#### [The input]
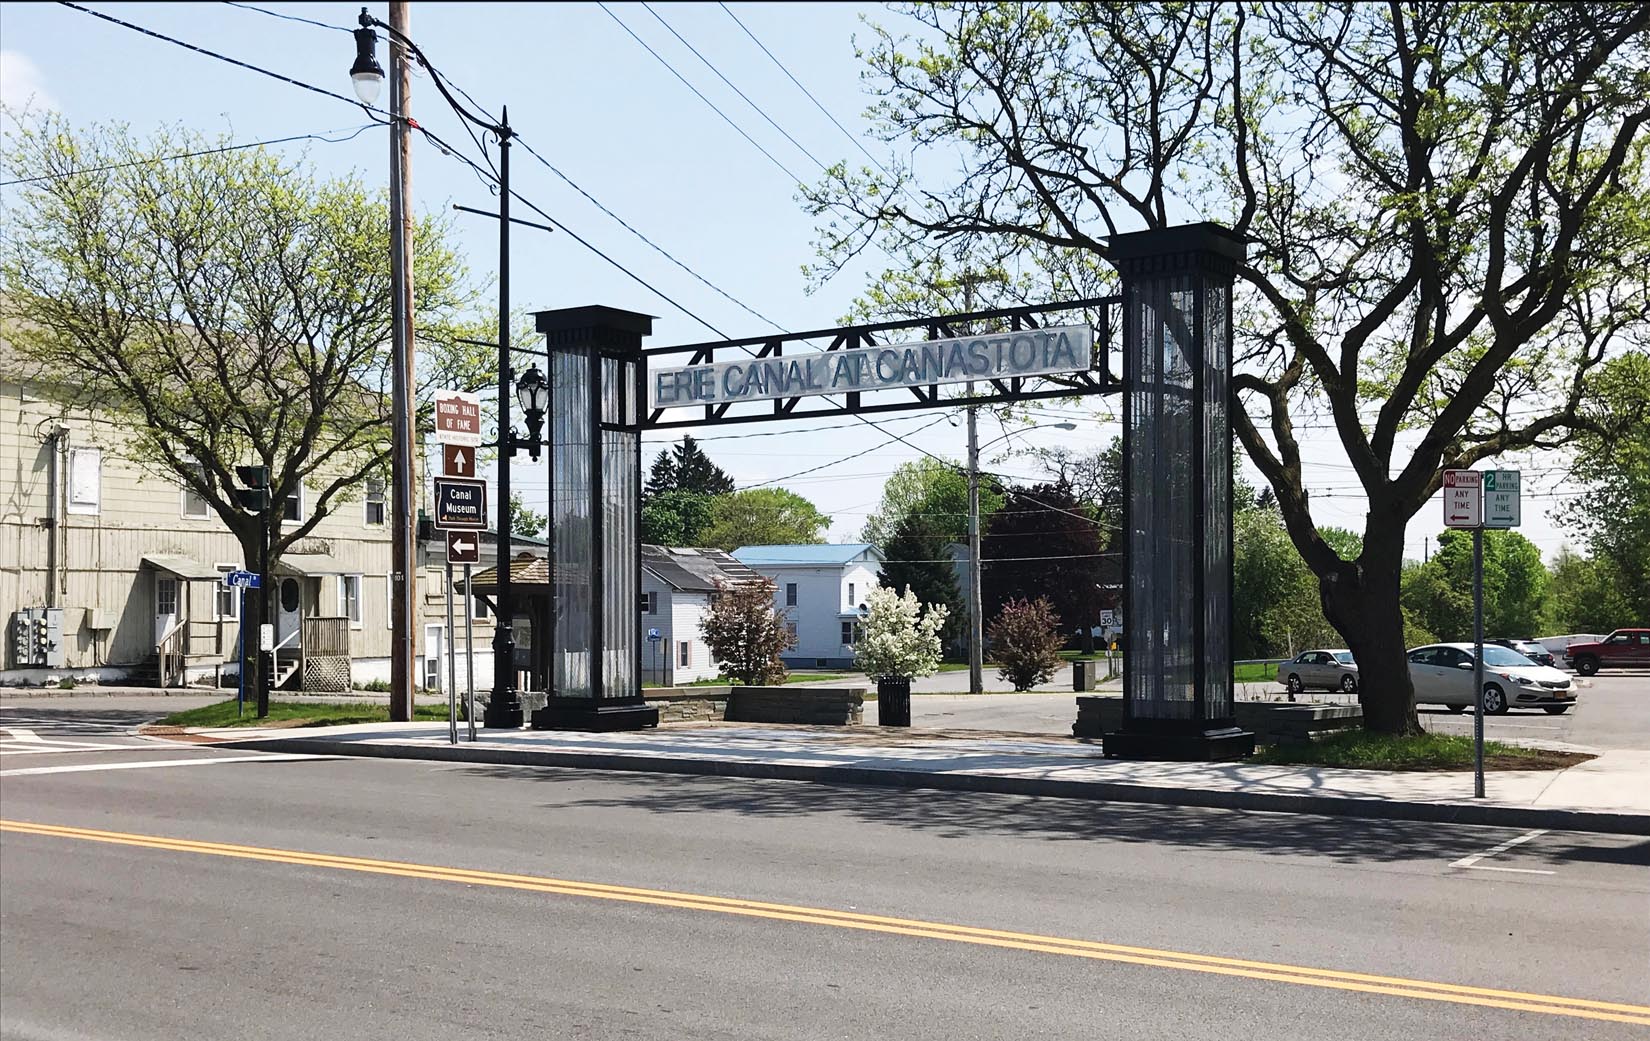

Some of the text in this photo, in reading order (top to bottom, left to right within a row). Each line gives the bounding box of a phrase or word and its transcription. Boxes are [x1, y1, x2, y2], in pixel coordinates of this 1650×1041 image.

[657, 332, 1079, 402] ERIE CANAL AT CANASTOTA
[439, 403, 476, 416] BOXING HALL
[446, 418, 471, 430] OF FAME
[1445, 474, 1478, 485] NO PARKING
[1486, 474, 1495, 488] 2
[1496, 482, 1518, 490] PARKING
[450, 489, 472, 500] Canal
[1455, 490, 1469, 498] ANY
[1496, 494, 1509, 502] ANY
[446, 503, 477, 514] Museum
[1495, 504, 1510, 512] TIME
[233, 574, 252, 587] Canal
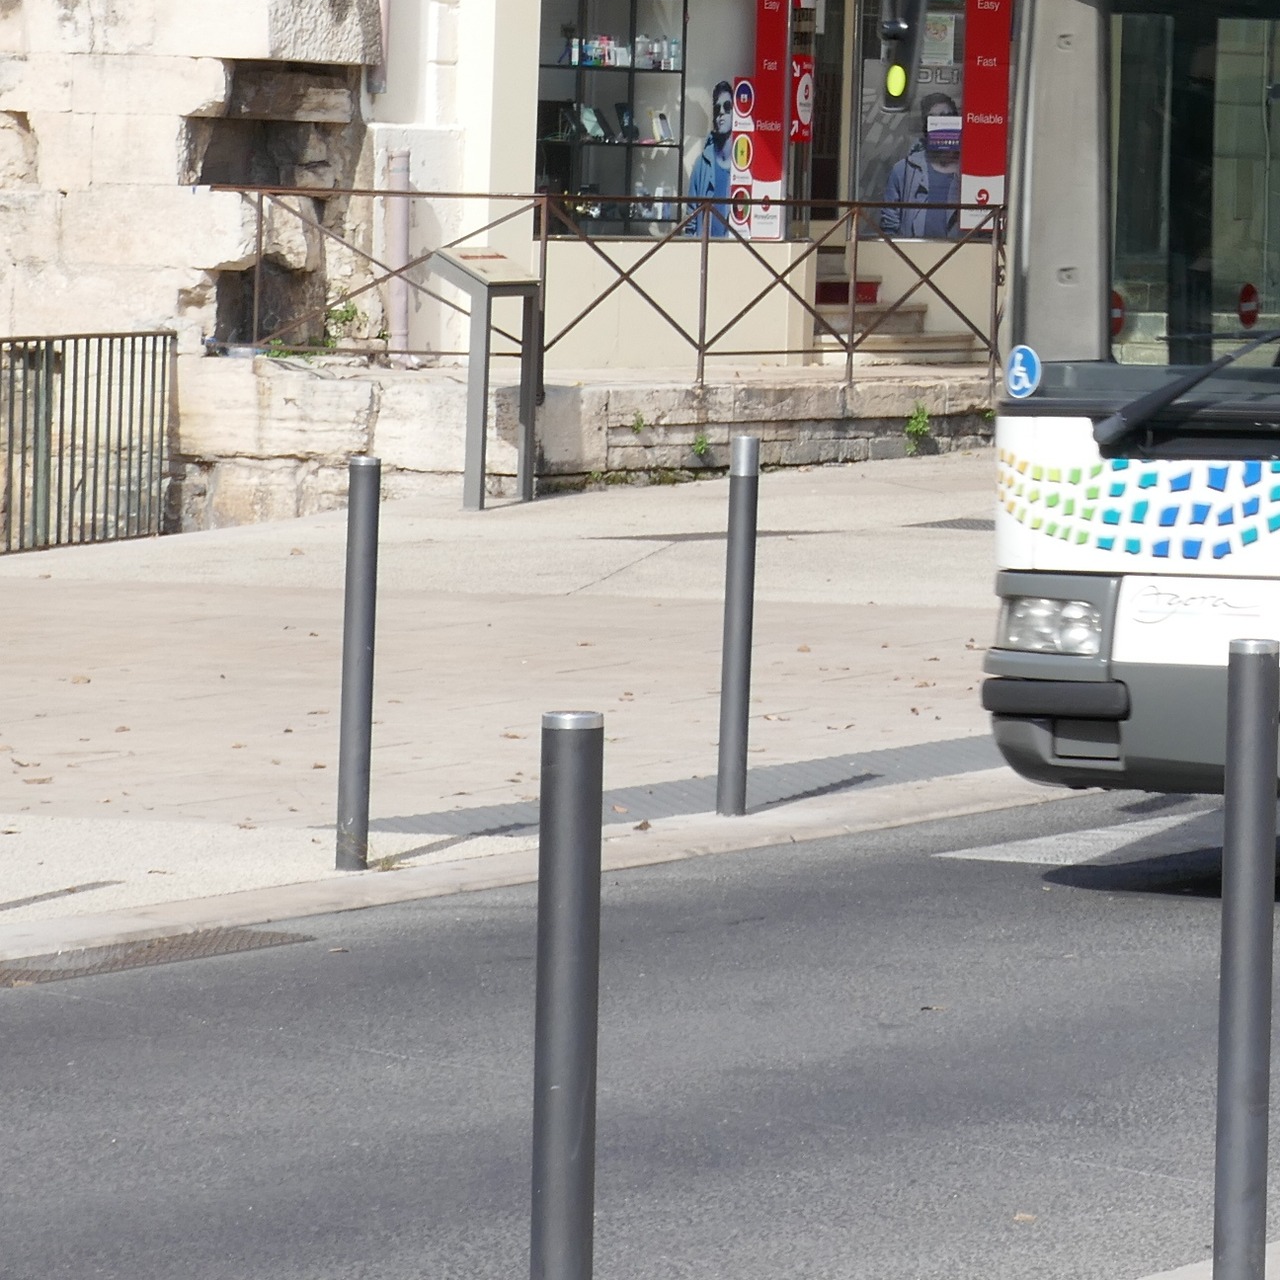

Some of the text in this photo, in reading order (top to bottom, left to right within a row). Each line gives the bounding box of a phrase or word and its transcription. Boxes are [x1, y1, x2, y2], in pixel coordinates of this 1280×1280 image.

[763, 59, 777, 71] Fast
[976, 55, 997, 67] Fast
[966, 113, 1003, 125] Reliable
[756, 120, 781, 131] Reliable

#### [Problem to solve]
The answer must be the line containing "this 1280×1280 image." and every line after it to the end of the data, exactly as written.

#### [Response to the exercise]
Some of the text in this photo, in reading order (top to bottom, left to right within a row). Each line gives the bounding box of a phrase or word and its transcription. Boxes are [x1, y1, x2, y2], in pixel coordinates of this 1280×1280 image.

[763, 59, 777, 71] Fast
[976, 55, 997, 67] Fast
[966, 113, 1003, 125] Reliable
[756, 120, 781, 131] Reliable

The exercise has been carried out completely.